Preprocessing step

code.analysis.run_preprocess()

RUN_PREPROCESS runs a whole preprocessing configuration on an input data. The steps are applied in the order of the configuration.

Parameters:
  • config (list of struct) – the preprocessing configuration details

  • data (2D matrix) – the data to preprocess

Returns res:

the result of the input data after processing using the preprocessing steps in config

Returns preprop_deets:

the detailed parameteres that were used to preprocess the data

Note: This will process any 2D matrix. As the output of the processing is a 2D matrix that will be used within Mapper, the output rows will be reduced by the Mapper. If you want to reduce the columns instead, you can use the transpose preprocessing step. Usually for fMRI data, if we want to process the dynamics, we use rows as the time points (TRs) and columns as the ROIs, with the value being the BOLD response at a ROI at that point in time.

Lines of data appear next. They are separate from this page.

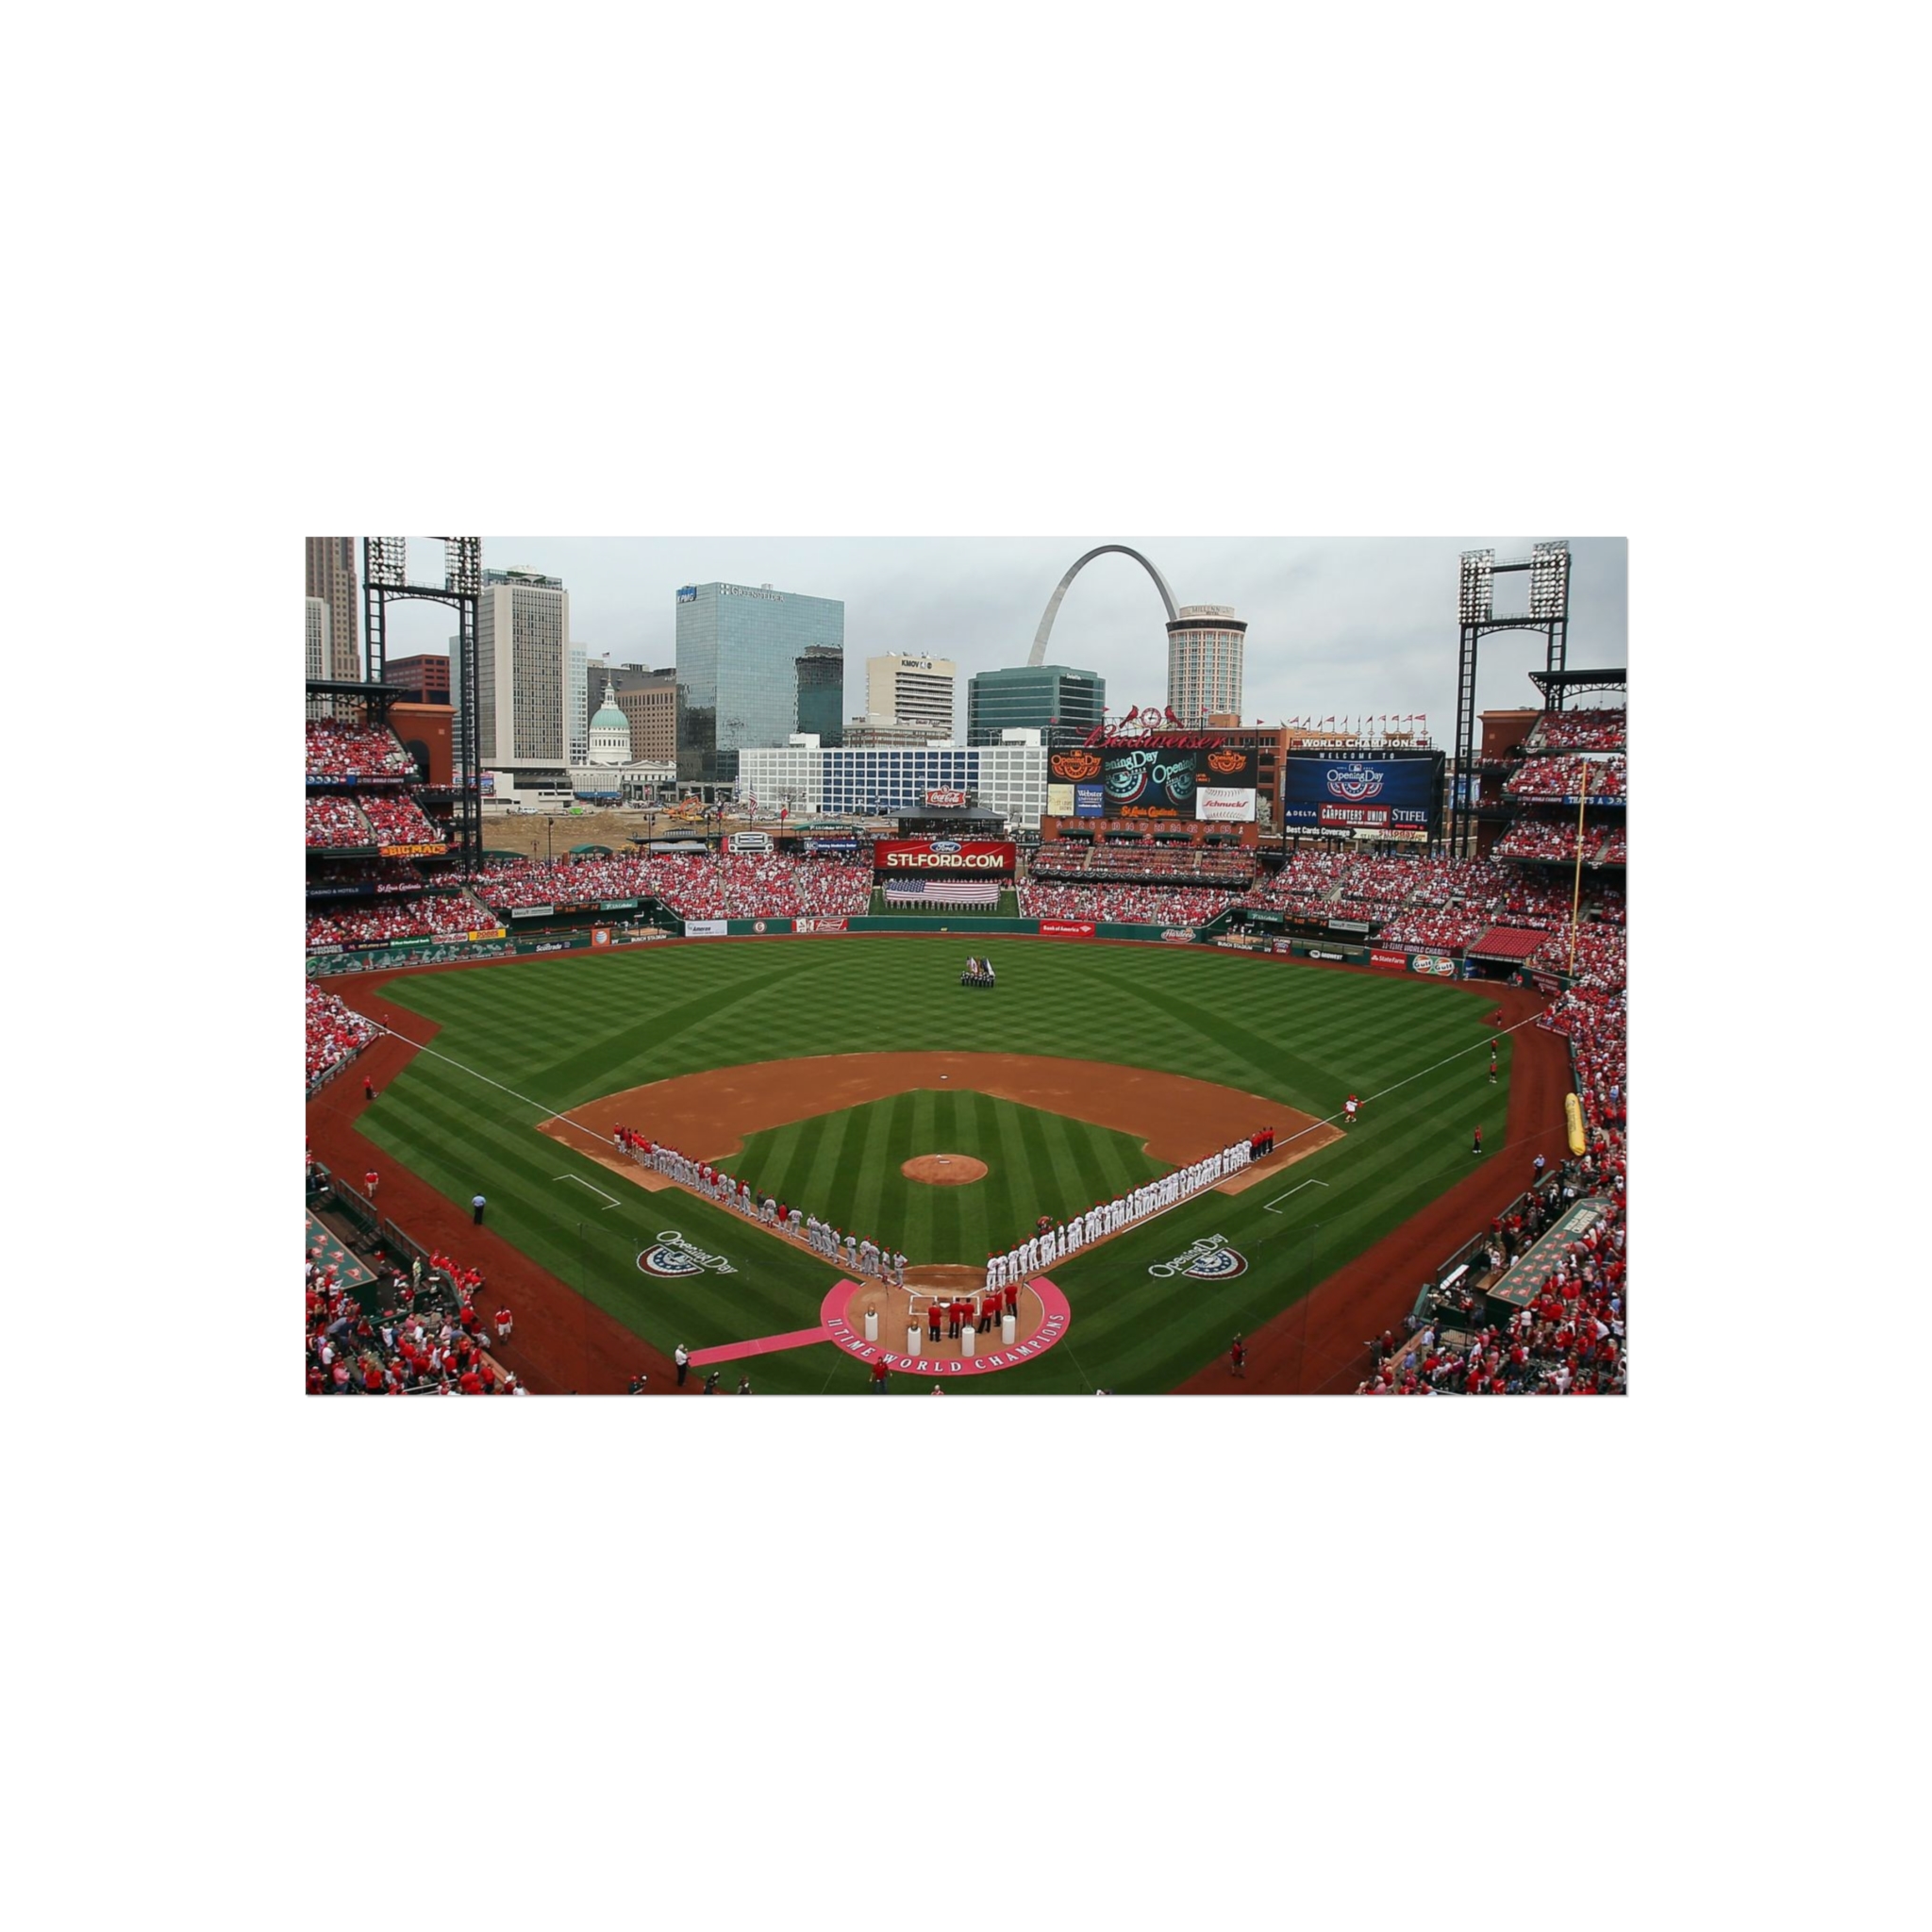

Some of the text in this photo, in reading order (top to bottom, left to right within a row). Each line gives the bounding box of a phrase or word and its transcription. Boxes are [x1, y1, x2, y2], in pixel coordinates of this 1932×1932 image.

[676, 593, 694, 603] KPMG
[901, 659, 920, 668] KMOV
[1076, 724, 1227, 750] Budweiser
[1302, 739, 1418, 748] WORLD CHAMPIONS
[931, 792, 960, 804] Coca-Cola
[1203, 800, 1249, 808] Schnucks
[1322, 808, 1388, 822] CARPENTERS' UNION
[1391, 808, 1428, 822] STIFEL
[1078, 821, 1084, 829] 2
[1100, 821, 1107, 830] 9
[1111, 822, 1120, 830] 10
[1140, 822, 1148, 831] 17
[1170, 824, 1181, 832] 24
[1187, 824, 1198, 833] 42
[1203, 824, 1214, 833] 45
[1220, 825, 1231, 834] 85
[1286, 825, 1351, 838] Best Cards Coverage
[389, 845, 441, 855] BIG MAC
[887, 853, 1004, 868] STLFORD.COM
[536, 943, 562, 952] Scottrade
[1382, 942, 1452, 957] 11-TIME WORLD CHAMPS
[1321, 952, 1343, 960] MIDWEST
[834, 1328, 874, 1357] TIME
[881, 1353, 962, 1373] WORLD
[974, 1313, 1065, 1371] CHAMPIONS
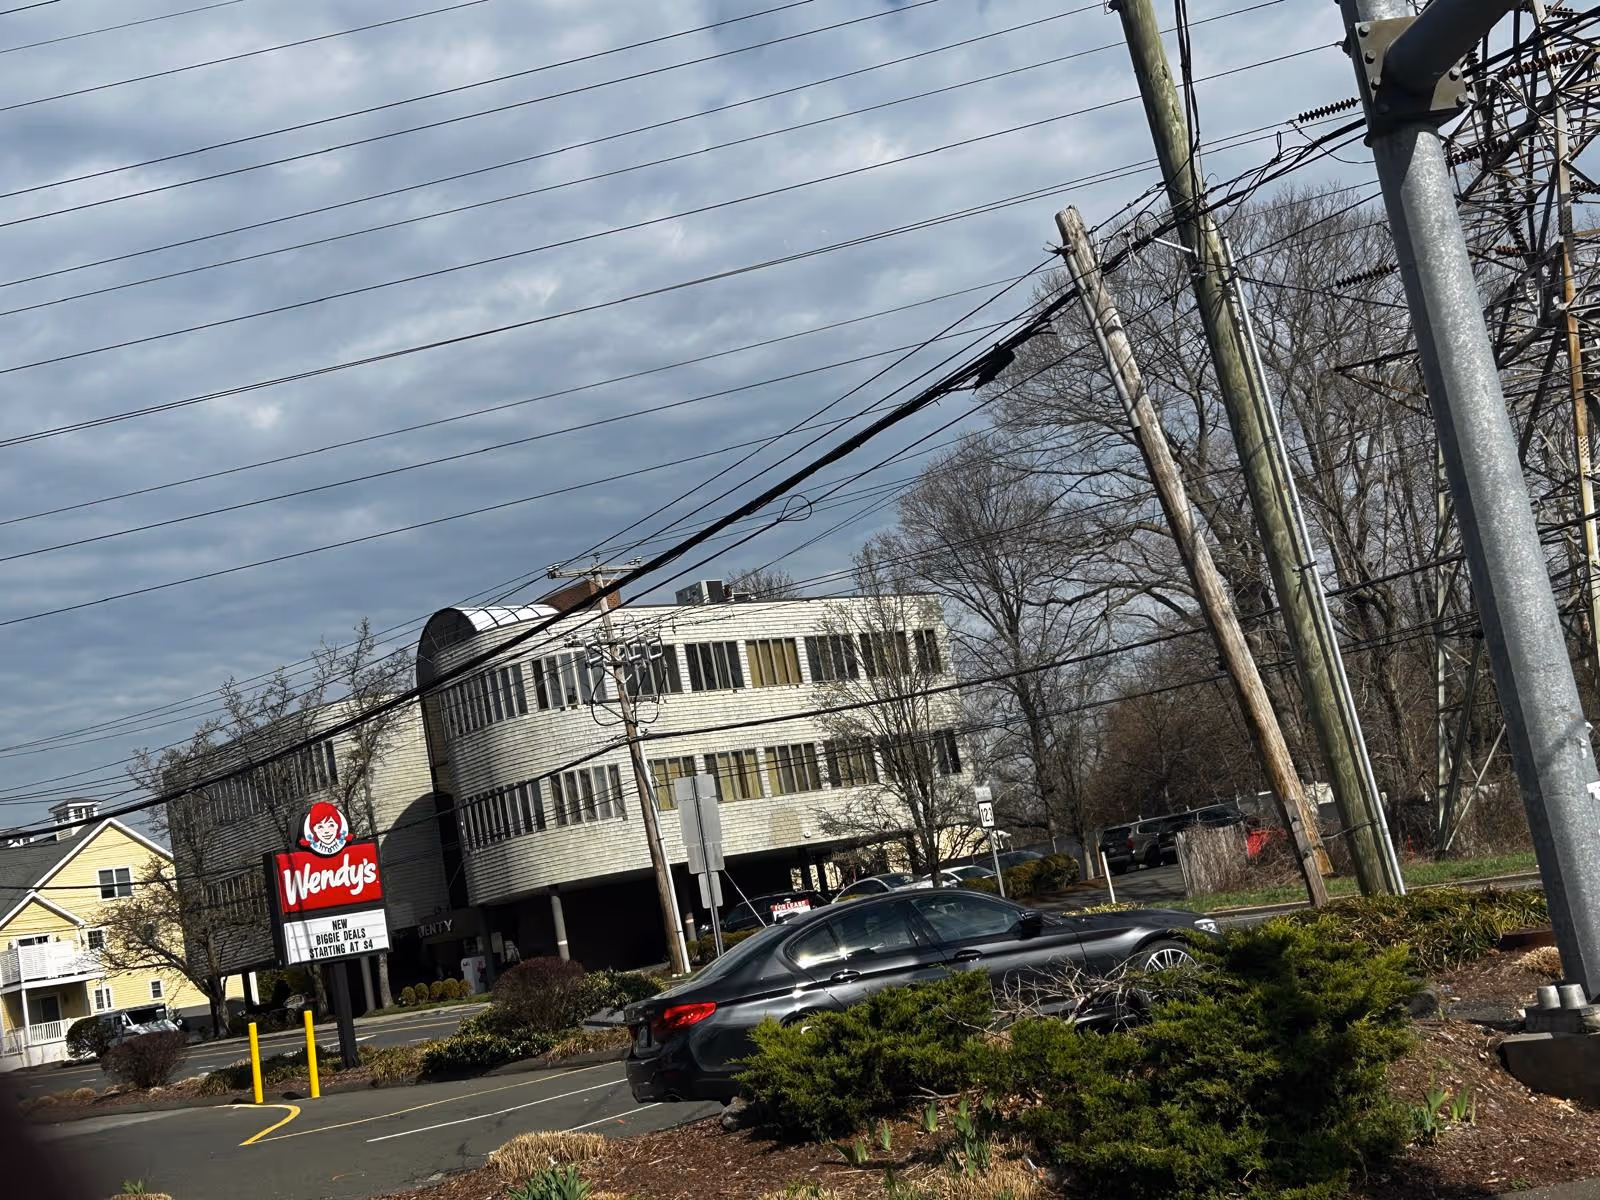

Possible preprocessing steps:

  • zscore: normalizes the input data by subtracing the mean and diving by the standard deviation of the input data.

  • zscore-baseline: normalizes the input data by subtracing the mean and diving by the standard deviation of the baseline data. The baseline data indices are defined within the preprocess step as min and max.

  • transpose: simply transposes the data.

  • drop-nan: drop Not-A-Number (nan) values in two steps: (1) drop rows (e.g., TRs) that are all nan; (2) drop columns (e.g., ROIs) that contain at least one nan value.

  • drop-lowvar: drop all columns (e.g., ROIs) that have a variance below the one provided as value var.